One cause of the momentum breakdown was “mean reversion,” according to JPMorgan strategist Marko Kolanovic, who predicted in January investors would rotate into value assets, seeking out shares priced at deep discounts to things like earnings and assets. Using long-short proxies, value beat momentum by 40 percent this year, buoyed by systematic strategies covering short positions, Kolanovic said in a March 17 note to clients.
That turnaround may have roiled returns for hedge funds. While they were snapping up the best-performing stocks, hedge funds also reduced value stock holdings in every quarter of last year, making it the least popular of the 10 styles tracked by Evercore ISI.
“Hedge funds and institutions by construction are positively exposed to expected growth and price momentum, which have not been doing well at all and are negatively exposed to value which is doing well,” Banerji said. “I don’t imagine that the performance of hedge funds and institutions has been good in this quarter.”
Still, this rotation is neither unusual nor unhealthy, said Banerji. It keeps valuations in check and resets performance expectations, he said. Momentum and value shares have rebalanced four times since 2006, with the last occurrence in 2013 lasting three months, according to Evercore.

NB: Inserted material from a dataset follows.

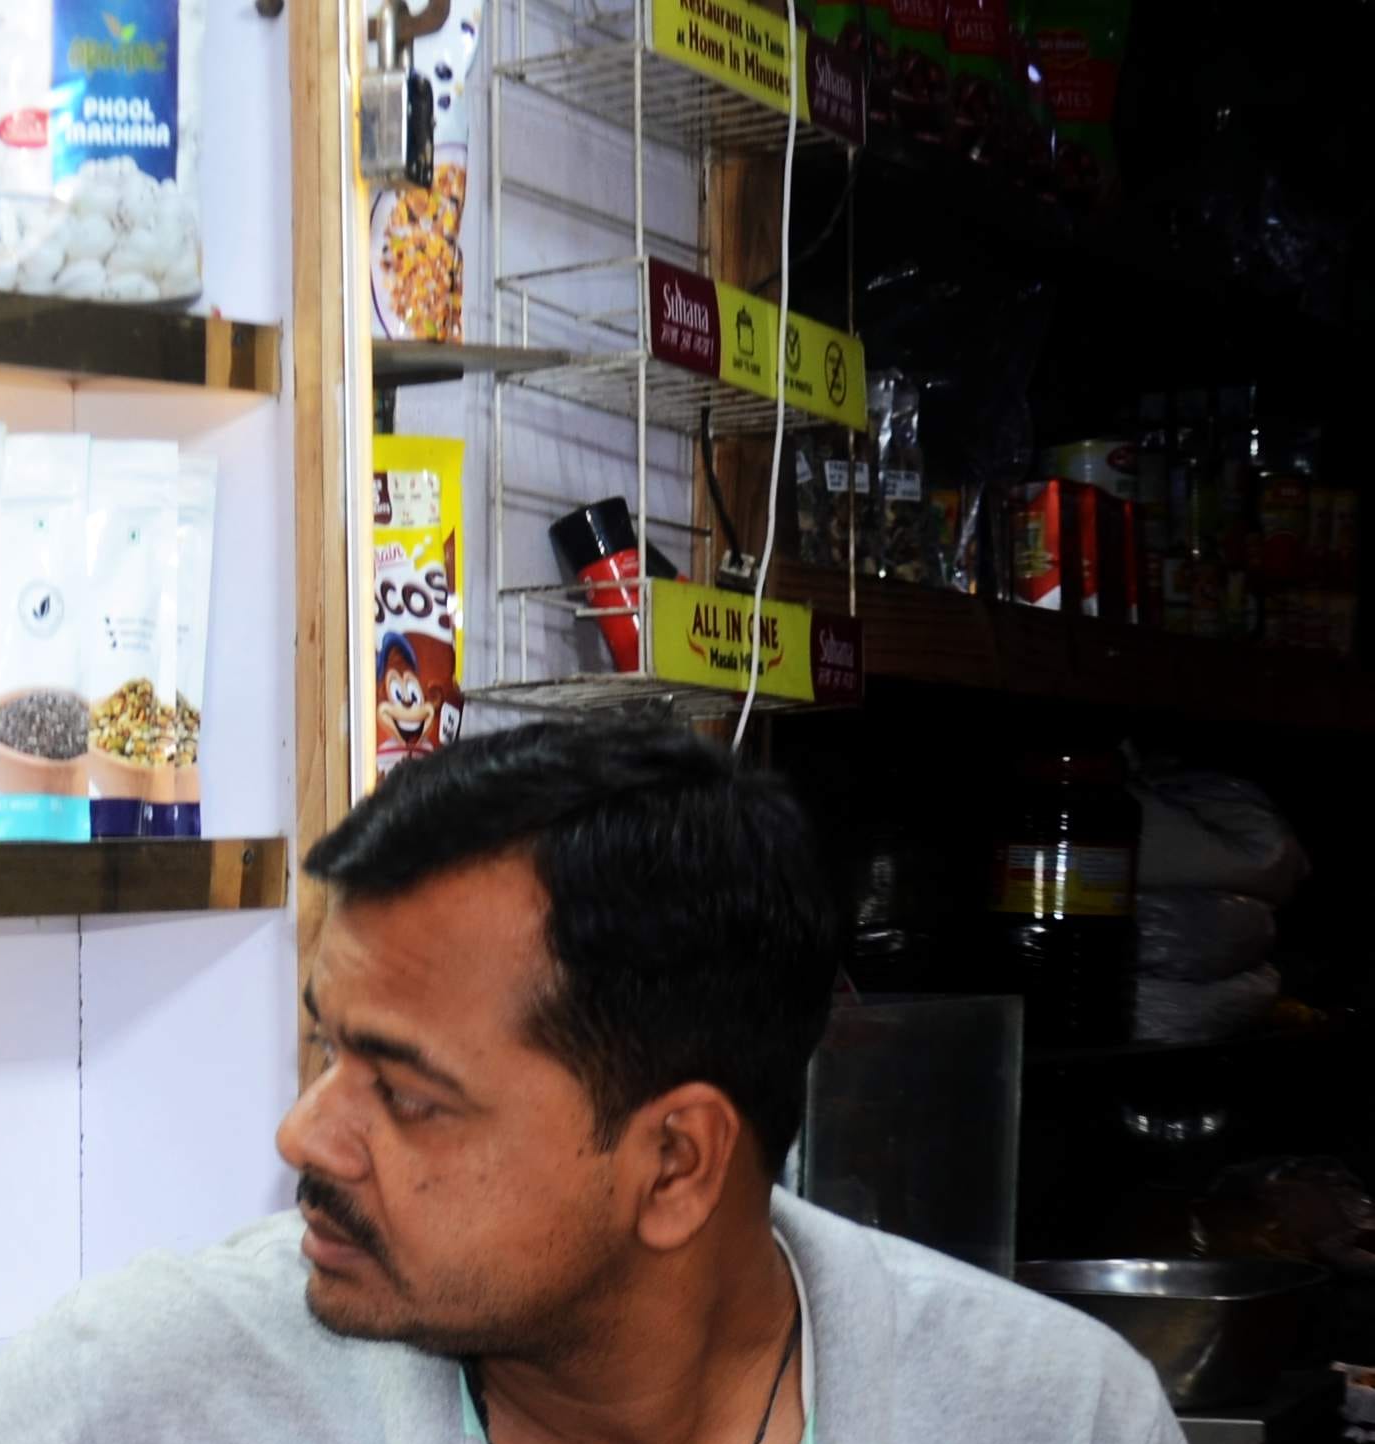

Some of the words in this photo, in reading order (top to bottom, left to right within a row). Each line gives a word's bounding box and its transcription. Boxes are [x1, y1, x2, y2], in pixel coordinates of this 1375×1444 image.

“I’ve heard the same things before. There becomes a prevailing wisdom that value has lost its way, that valuation metrics have lost their way. Yet time and time again, the valuation you pay for a company relative to the cash flow it’s generating is as timeless as a great Sinatra song,” said David Sowerby, a portfolio manager at Loomis Sayles & Co. “It lends itself to longer term sustainable returns than the short term momentum game.”